*** Provided records ***

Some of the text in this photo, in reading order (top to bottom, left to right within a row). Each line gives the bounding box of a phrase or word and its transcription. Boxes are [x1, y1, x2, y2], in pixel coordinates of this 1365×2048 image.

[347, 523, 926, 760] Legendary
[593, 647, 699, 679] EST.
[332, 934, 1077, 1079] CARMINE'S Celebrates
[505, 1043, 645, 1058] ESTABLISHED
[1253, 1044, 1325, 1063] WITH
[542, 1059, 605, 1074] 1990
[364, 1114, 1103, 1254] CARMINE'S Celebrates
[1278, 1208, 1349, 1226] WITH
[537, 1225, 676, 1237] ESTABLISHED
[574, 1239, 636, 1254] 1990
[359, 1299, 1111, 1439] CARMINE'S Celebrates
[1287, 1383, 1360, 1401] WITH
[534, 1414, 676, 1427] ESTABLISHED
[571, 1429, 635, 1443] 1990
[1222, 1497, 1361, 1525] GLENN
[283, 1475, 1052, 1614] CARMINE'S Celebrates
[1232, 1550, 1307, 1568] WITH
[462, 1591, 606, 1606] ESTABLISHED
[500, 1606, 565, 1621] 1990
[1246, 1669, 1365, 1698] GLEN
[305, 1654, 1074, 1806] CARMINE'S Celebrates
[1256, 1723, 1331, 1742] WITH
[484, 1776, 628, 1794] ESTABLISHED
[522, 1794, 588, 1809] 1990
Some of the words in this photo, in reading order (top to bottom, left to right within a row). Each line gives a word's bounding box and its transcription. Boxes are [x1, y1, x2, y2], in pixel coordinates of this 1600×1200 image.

*** End of Provided records ***

## Your goal
Send back the complete set of entries, exactly as shown above.

## Answer for the task
Some of the text in this photo, in reading order (top to bottom, left to right within a row). Each line gives the bounding box of a phrase or word and its transcription. Boxes are [x1, y1, x2, y2], in pixel coordinates of this 1365×2048 image.

[347, 523, 926, 760] Legendary
[593, 647, 699, 679] EST.
[332, 934, 1077, 1079] CARMINE'S Celebrates
[505, 1043, 645, 1058] ESTABLISHED
[1253, 1044, 1325, 1063] WITH
[542, 1059, 605, 1074] 1990
[364, 1114, 1103, 1254] CARMINE'S Celebrates
[1278, 1208, 1349, 1226] WITH
[537, 1225, 676, 1237] ESTABLISHED
[574, 1239, 636, 1254] 1990
[359, 1299, 1111, 1439] CARMINE'S Celebrates
[1287, 1383, 1360, 1401] WITH
[534, 1414, 676, 1427] ESTABLISHED
[571, 1429, 635, 1443] 1990
[1222, 1497, 1361, 1525] GLENN
[283, 1475, 1052, 1614] CARMINE'S Celebrates
[1232, 1550, 1307, 1568] WITH
[462, 1591, 606, 1606] ESTABLISHED
[500, 1606, 565, 1621] 1990
[1246, 1669, 1365, 1698] GLEN
[305, 1654, 1074, 1806] CARMINE'S Celebrates
[1256, 1723, 1331, 1742] WITH
[484, 1776, 628, 1794] ESTABLISHED
[522, 1794, 588, 1809] 1990
Some of the words in this photo, in reading order (top to bottom, left to right within a row). Each line gives a word's bounding box and its transcription. Boxes are [x1, y1, x2, y2], in pixel coordinates of this 1600×1200 image.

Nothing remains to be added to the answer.